Man charged in Va. activist Lenny Harris’s death
By Matt Zapotosky,
Prince George’s County homicide detectives charged an Oxon Hill man Tuesday in the slaying of Alexandria activist Lenny Harris — taking an important step, they hope, toward unraveling the mystery that began when Harris suddenly vanished in September only to turn up dead at the bottom of a well in Fort Washington last week.
Linwood Johnson, 49, was charged with first-degree murder and is being held in the Prince George’s County jail, authorities said. Assistant Police Chief Kevin Davis said that Johnson and Harris “were known to each other” and that Johnson did not act alone. Detectives think that Harris’s attackers set out to rob him, Davis said.
Beyond that, police said little. Davis said that detectives expect to make more arrests soon, and he did not specify Johnson’s alleged role in the crime or his connection to Harris. He said Harris was shot at the long-vacant, secluded property where his body was found in a well Thursday, but he offered nothing in the way of a timeline of events from Sept. 21, when Harris went missing.
The arrest marks a significant break in a difficult case that has vexed investigators in two states for months. Harris had been a longtime fixture at Alexandria community meetings and city recreation centers and was well known in the community.

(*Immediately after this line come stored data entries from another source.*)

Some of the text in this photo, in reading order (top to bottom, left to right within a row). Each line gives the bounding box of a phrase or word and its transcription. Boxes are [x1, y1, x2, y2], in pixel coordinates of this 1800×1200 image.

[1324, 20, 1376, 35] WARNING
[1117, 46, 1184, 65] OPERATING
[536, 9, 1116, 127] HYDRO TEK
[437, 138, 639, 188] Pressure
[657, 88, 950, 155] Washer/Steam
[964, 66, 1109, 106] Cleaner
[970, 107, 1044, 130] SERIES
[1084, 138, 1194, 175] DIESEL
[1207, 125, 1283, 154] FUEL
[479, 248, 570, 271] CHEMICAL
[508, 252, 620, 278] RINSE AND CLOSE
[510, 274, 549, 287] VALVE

“Our work is far from done,” Davis said. “We’re certainly hopeful. Our leads are very, very strong.”
The night of Sept. 21, Harris met with a friend at the Charles Houston Recreation Center in Alexandria. He never made it home to his wife.

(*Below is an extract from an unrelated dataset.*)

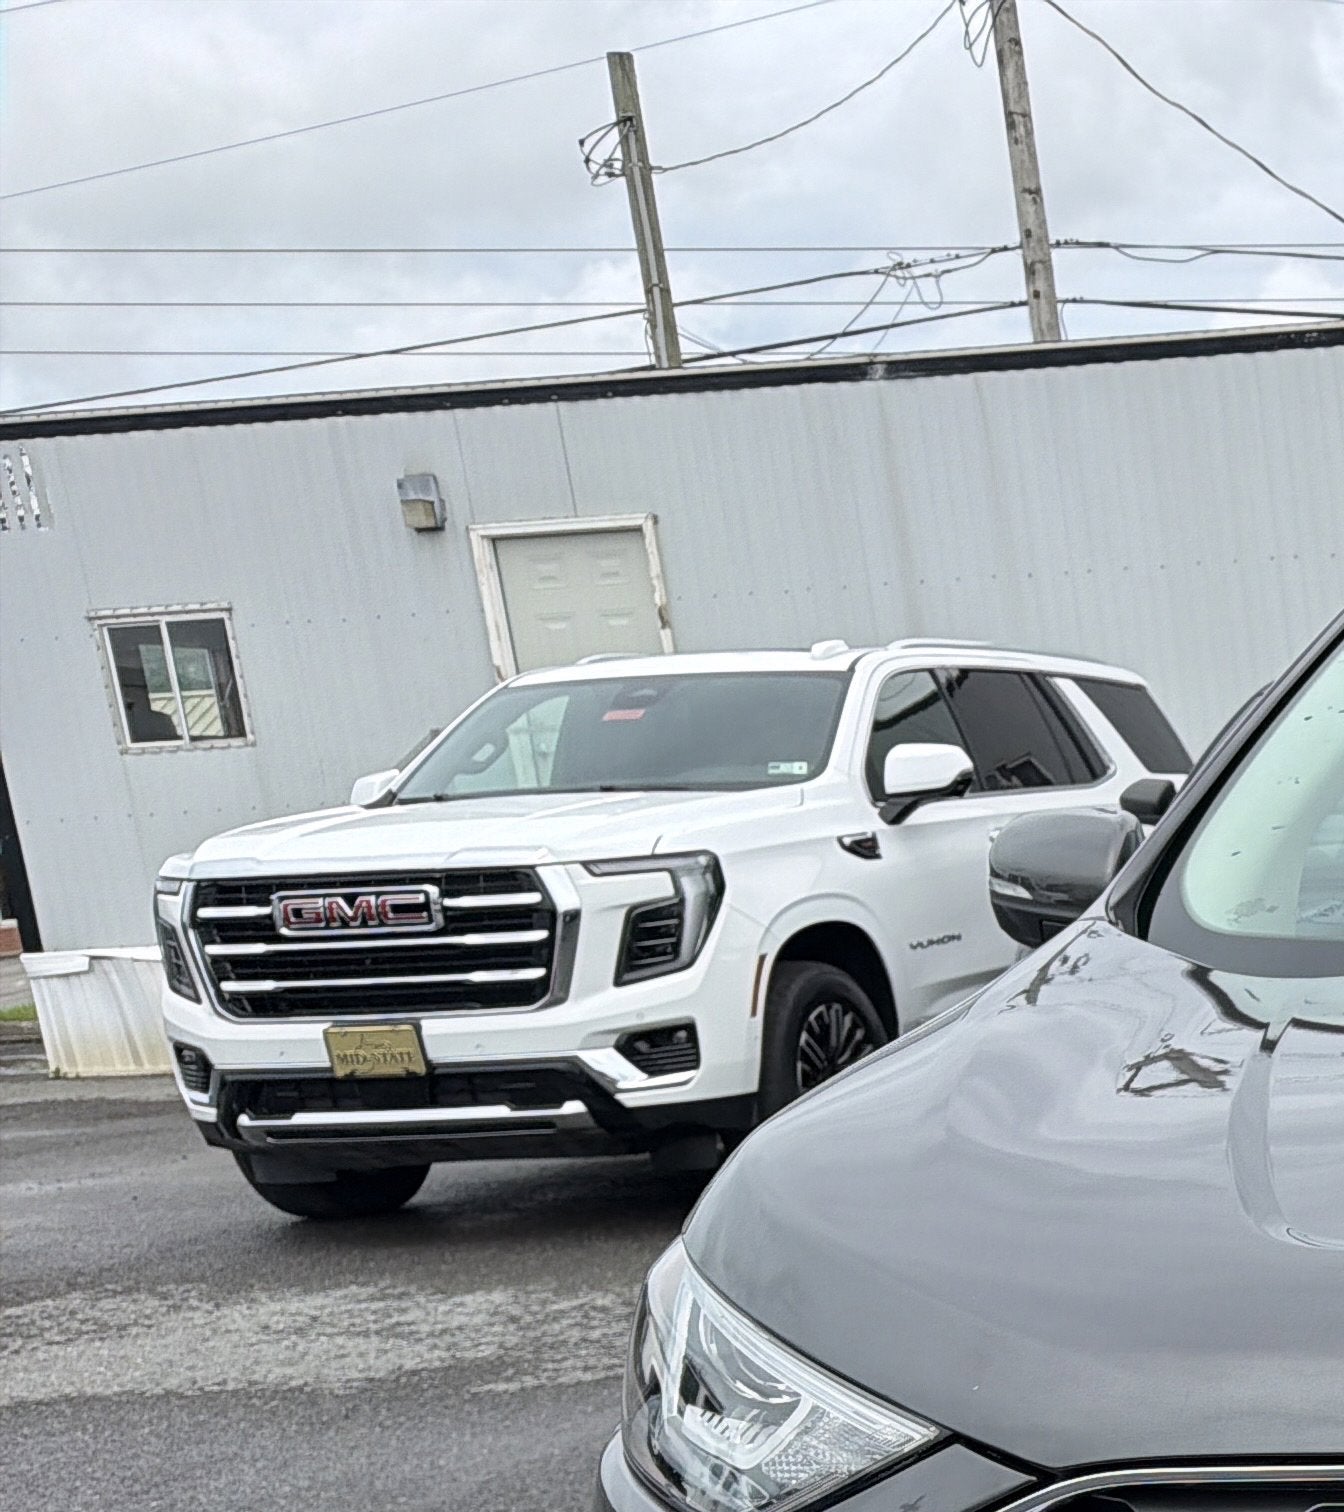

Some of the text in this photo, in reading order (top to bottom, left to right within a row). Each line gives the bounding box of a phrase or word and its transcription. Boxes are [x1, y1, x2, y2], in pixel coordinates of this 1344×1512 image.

Long before his body was recovered, detectives suspected foul play. A tattooed man was recorded by an ATM surveillance camera as he used Harris’s bank card hours after Harris disappeared, and police found Harris’s cellphone on the Woodrow Wilson Bridge.
Police distributed the photos of the tattooed man, hoping for a clue that would lead to Harris, but weeks, and months, passed.
Then, last week, an anonymous caller dialed 911 and directed police to a well in the 11900 block of Old Fort Road in Fort Washington. Detectives are still trying to identify the caller. The property had been vacant since 1996, leading investigators to believe that whoever put the body in the well knew the area.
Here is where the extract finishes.